Every Thursday morning, at what probably felt like the crack of dawn, Danny and I meet outside the City Year team room at the Trotter Innovation School and made our way upstairs, balancing hot chocolate, munchkins, and books, to our book club. Once we arrived, Danny and I spread our goodies on the table and share a delightful breakfast over fruitful conversations and a good book.
Danny was a student who tried hard, worked quietly and was rarely in trouble, but struggled academically. When I first started tutoring Danny, he expressed very little interest in reading. It was nearly impossible for me to convince him to read confidently in front of a small group of his peers or myself, let alone to motivate him to complete his independent reading homework.
During our first few meetings, we discussed our favorite breakfast foods and made a list of items to try in our future meetings, how Danny was feeling, and what books he might like to read. A book in the Lego Superheroes series was the first one we dove into, and it was quite the educational experience for me. Who knew there were so many super heroes with such an extensive list of powers, enemies, and vehicles? I certainly did not, and this made Danny giggle.
After a few months, Danny was excited to see me walk in with a box of books. He showed up at school early for our 7:30 a.m. meetings, and was determined to show his mom and peers that he was a confident and capable reader. At the start of each week, he started telling me about books he was reading instead of the video games he was playing, making it clear that he was falling in love with reading, not just our breakfast book club.

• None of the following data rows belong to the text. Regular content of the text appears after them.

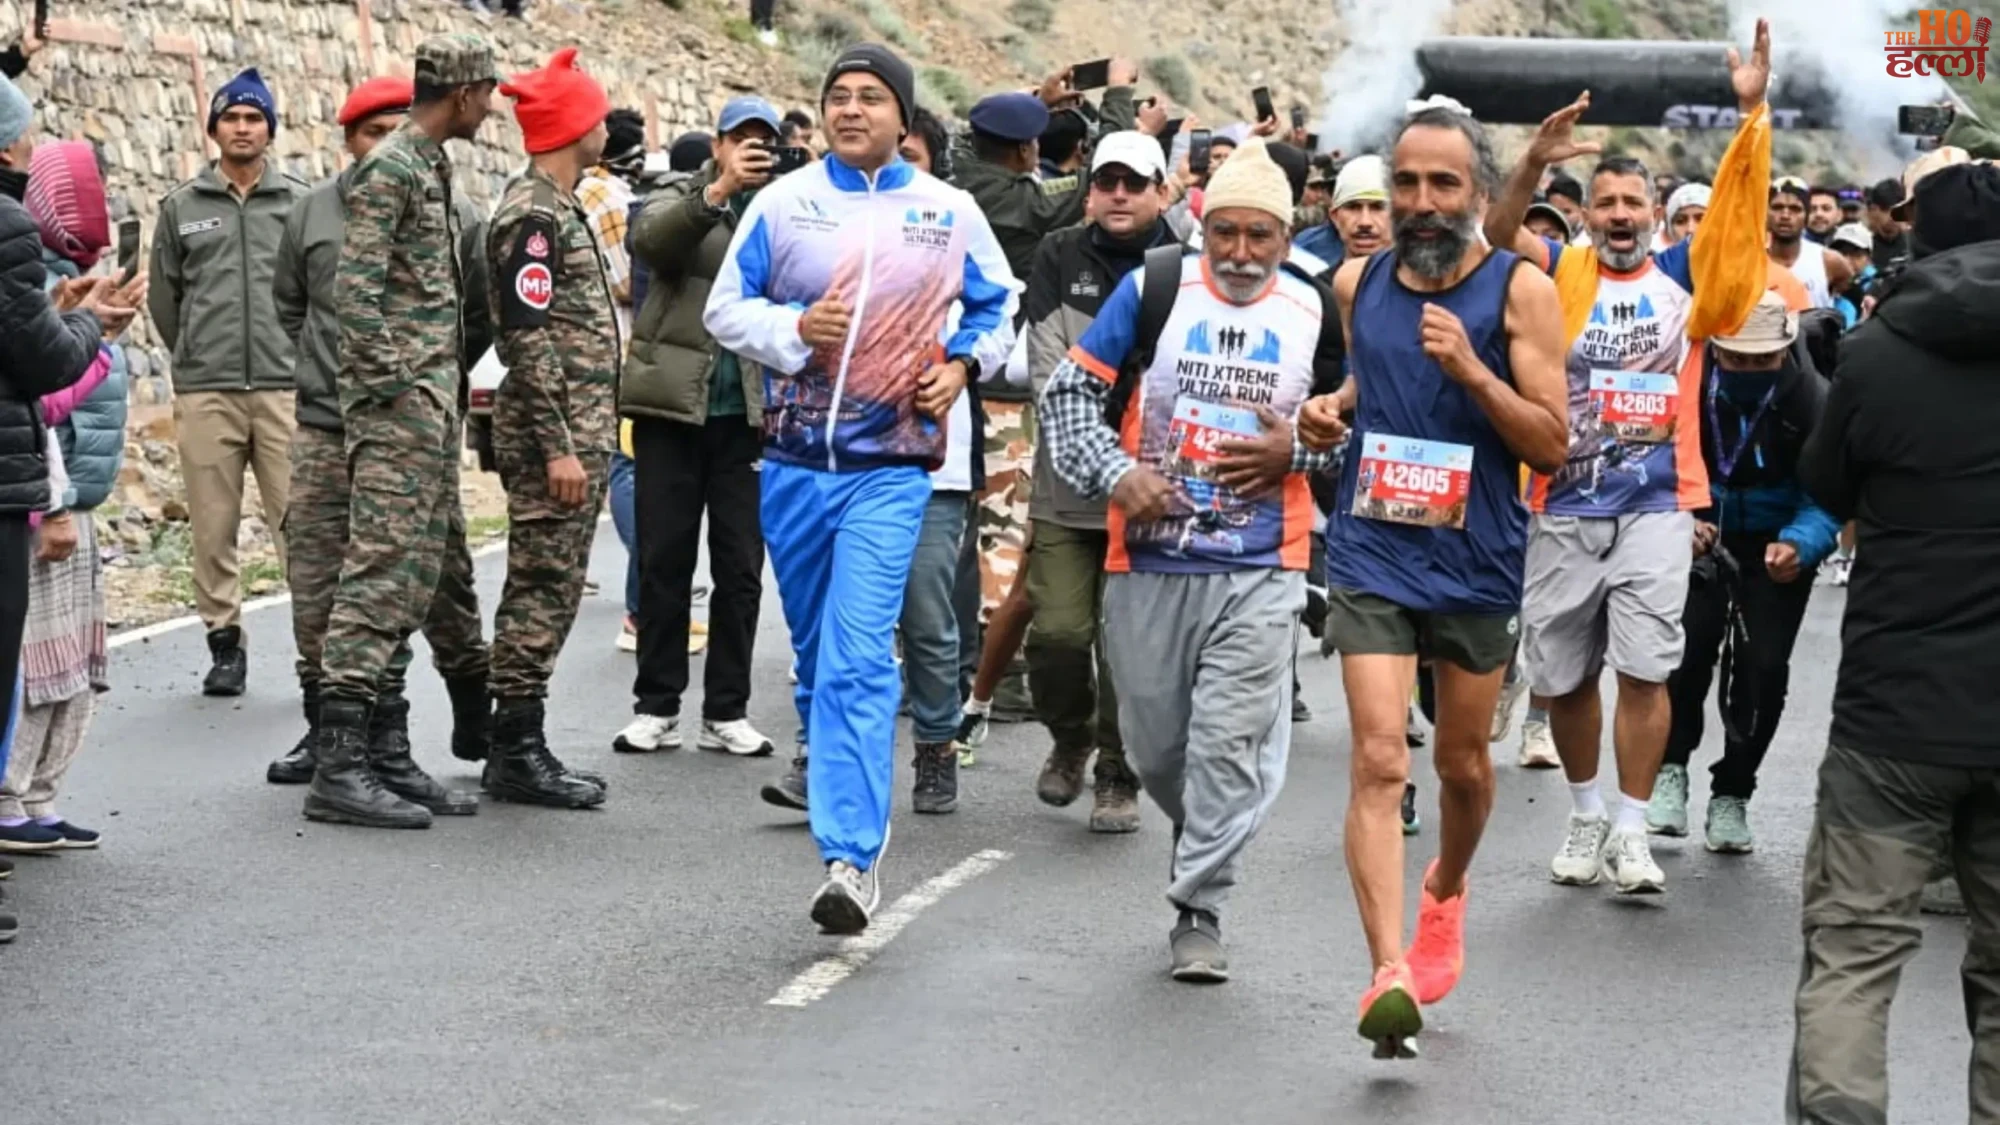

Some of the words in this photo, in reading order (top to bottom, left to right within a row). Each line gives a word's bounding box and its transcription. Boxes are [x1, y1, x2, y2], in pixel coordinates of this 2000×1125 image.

[1661, 104, 1802, 130] STAT
[1630, 337, 1659, 356] RUN
[1176, 358, 1209, 379] NITI
[1212, 364, 1280, 389] XTREME
[1179, 376, 1231, 400] ULTRA
[1236, 385, 1273, 405] RUN
[1611, 393, 1668, 416] 42603
[1381, 461, 1452, 496] 42605
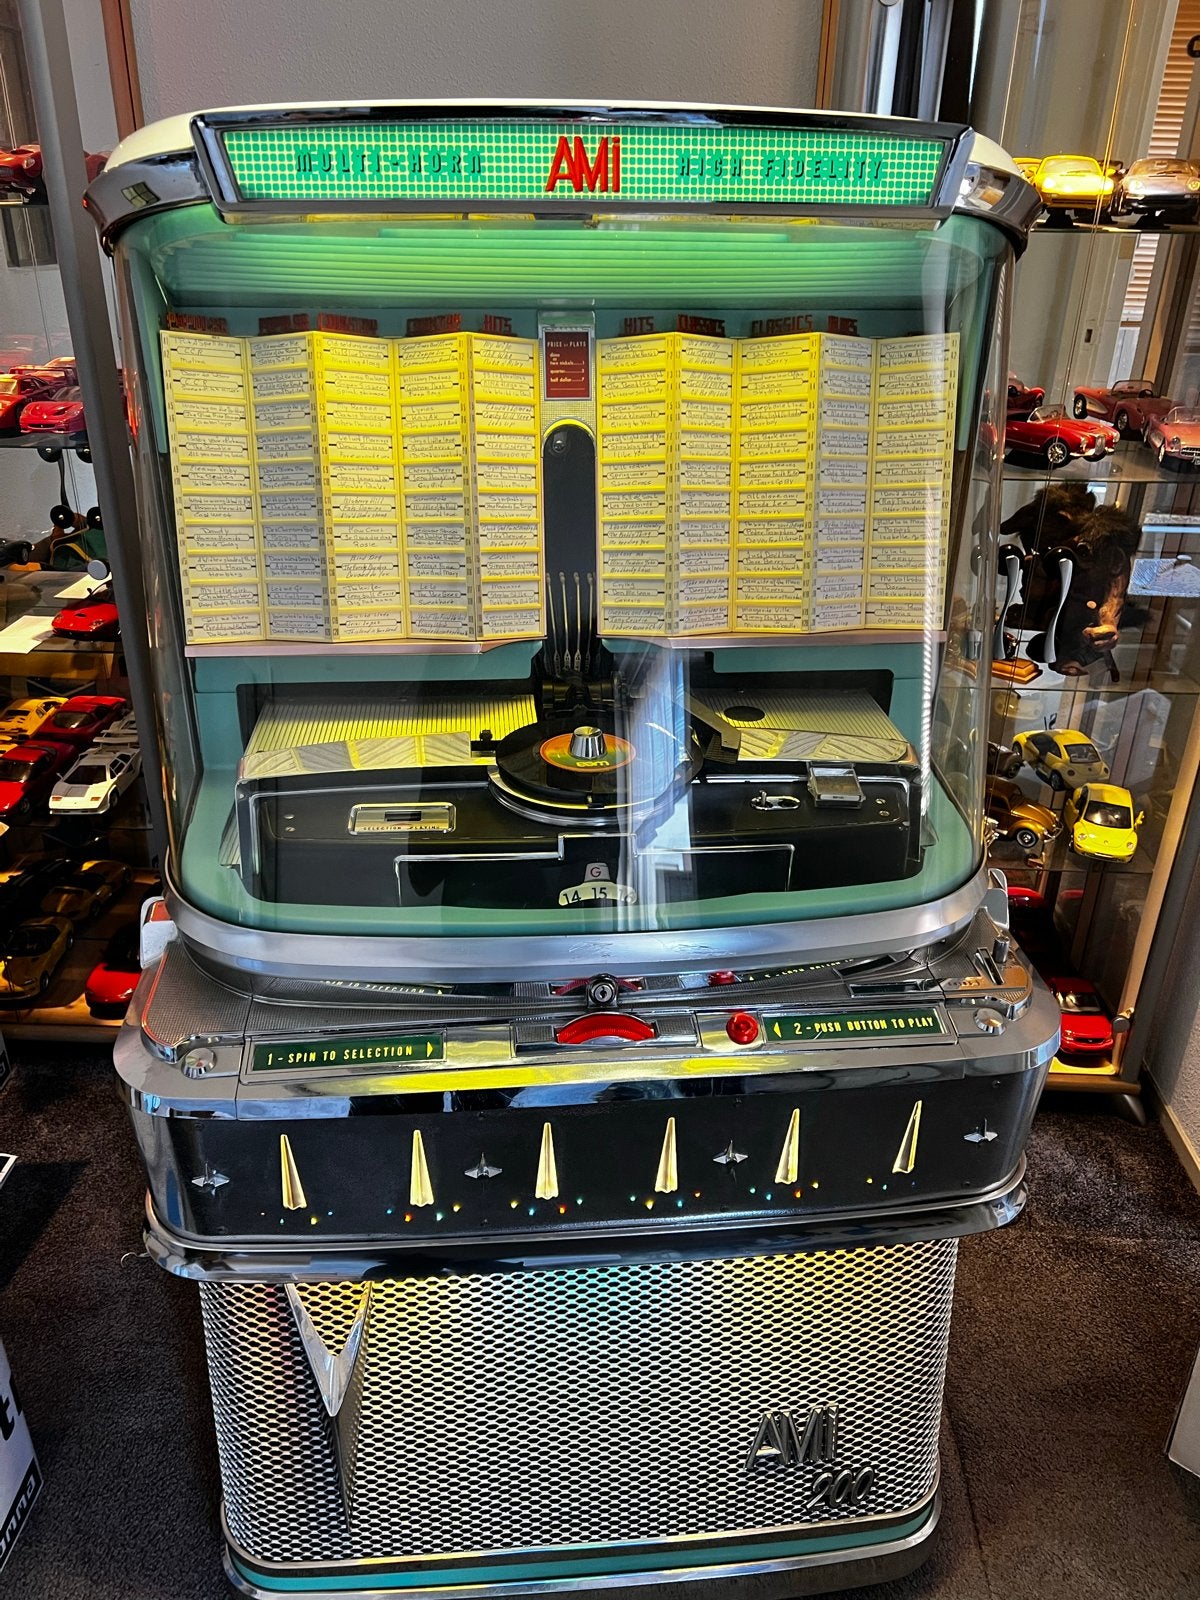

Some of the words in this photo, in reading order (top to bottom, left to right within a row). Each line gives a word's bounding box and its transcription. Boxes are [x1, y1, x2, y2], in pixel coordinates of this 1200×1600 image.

[678, 156, 742, 176] HIGH
[764, 158, 883, 179] FIDELITY
[624, 317, 654, 332] HITS
[752, 315, 813, 335] CLASSICS
[591, 867, 601, 877] G
[563, 890, 581, 903] 14
[592, 887, 607, 898] 15
[847, 1020, 887, 1031] BUTTON
[891, 1019, 904, 1029] TO
[908, 1017, 934, 1028] PLAY
[323, 1051, 336, 1061] TO
[344, 1046, 412, 1059] SELECTION
[805, 1466, 874, 1509] 200

My proudest moment as his AmeriCorps member was the day his teacher surprise him: holding a certificate of accomplishment she announcing Danny won the Scholastic Reading Counts challenge for our classroom. This meant that Danny read the most books in our class during that month!
Watching his transformation from a student who refused to pick up a book, to a student who was recommending books to me taught me that every student can develop a love for reading. I hope this love continues to grow as he transitions into 5th grade this fall.